Task directions: Begin with the line holding "this 1284×963 image.", then print every line after it through the end of the data, exactly and with nothing added.

(Extracted entries begins)

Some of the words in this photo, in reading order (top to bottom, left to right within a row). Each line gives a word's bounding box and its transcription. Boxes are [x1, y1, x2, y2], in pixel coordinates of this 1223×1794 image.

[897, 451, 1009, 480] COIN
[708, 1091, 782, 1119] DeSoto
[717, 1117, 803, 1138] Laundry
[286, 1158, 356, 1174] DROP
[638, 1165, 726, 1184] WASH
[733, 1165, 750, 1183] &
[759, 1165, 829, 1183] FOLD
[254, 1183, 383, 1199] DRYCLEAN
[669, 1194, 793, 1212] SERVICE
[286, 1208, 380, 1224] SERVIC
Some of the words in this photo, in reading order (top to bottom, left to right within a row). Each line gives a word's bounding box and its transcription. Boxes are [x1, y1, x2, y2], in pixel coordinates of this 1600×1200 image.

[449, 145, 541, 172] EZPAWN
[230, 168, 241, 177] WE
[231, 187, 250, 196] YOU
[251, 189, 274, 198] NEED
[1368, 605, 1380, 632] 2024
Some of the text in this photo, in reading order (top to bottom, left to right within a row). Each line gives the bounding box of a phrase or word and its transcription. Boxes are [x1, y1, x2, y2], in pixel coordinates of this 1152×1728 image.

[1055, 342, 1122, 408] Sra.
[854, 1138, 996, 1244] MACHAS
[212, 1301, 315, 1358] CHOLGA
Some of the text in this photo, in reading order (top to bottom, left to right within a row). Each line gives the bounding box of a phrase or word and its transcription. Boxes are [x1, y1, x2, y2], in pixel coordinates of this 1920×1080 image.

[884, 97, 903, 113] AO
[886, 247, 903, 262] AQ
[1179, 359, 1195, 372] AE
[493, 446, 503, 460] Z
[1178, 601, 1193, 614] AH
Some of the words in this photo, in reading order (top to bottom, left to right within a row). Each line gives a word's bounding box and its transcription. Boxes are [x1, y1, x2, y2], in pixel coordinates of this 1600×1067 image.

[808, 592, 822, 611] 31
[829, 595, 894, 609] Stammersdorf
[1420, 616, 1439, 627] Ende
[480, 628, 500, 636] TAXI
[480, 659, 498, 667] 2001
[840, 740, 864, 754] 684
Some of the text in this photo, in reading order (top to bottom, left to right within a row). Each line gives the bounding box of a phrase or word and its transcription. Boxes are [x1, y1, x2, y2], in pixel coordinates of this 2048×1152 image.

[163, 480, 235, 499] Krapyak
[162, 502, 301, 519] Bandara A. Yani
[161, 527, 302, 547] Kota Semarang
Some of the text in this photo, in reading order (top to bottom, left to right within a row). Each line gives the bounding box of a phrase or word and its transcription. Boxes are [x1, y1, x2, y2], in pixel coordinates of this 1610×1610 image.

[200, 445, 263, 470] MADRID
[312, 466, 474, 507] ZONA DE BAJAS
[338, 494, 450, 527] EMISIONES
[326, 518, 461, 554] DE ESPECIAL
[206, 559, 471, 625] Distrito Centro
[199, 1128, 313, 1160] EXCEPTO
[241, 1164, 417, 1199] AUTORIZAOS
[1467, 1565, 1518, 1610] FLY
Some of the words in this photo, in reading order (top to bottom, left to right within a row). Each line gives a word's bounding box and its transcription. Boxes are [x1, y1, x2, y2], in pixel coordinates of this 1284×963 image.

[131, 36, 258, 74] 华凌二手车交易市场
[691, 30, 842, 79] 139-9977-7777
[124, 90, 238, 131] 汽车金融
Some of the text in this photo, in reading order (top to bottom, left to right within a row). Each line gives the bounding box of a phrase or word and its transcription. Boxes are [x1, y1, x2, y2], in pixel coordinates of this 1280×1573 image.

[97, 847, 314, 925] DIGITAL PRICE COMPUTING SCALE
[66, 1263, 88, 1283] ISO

(Extracted entries ends)

Result below:
Some of the words in this photo, in reading order (top to bottom, left to right within a row). Each line gives a word's bounding box and its transcription. Boxes are [x1, y1, x2, y2], in pixel coordinates of this 1284×963 image.

[131, 36, 258, 74] 华凌二手车交易市场
[691, 30, 842, 79] 139-9977-7777
[124, 90, 238, 131] 汽车金融
Some of the text in this photo, in reading order (top to bottom, left to right within a row). Each line gives the bounding box of a phrase or word and its transcription. Boxes are [x1, y1, x2, y2], in pixel coordinates of this 1280×1573 image.

[97, 847, 314, 925] DIGITAL PRICE COMPUTING SCALE
[66, 1263, 88, 1283] ISO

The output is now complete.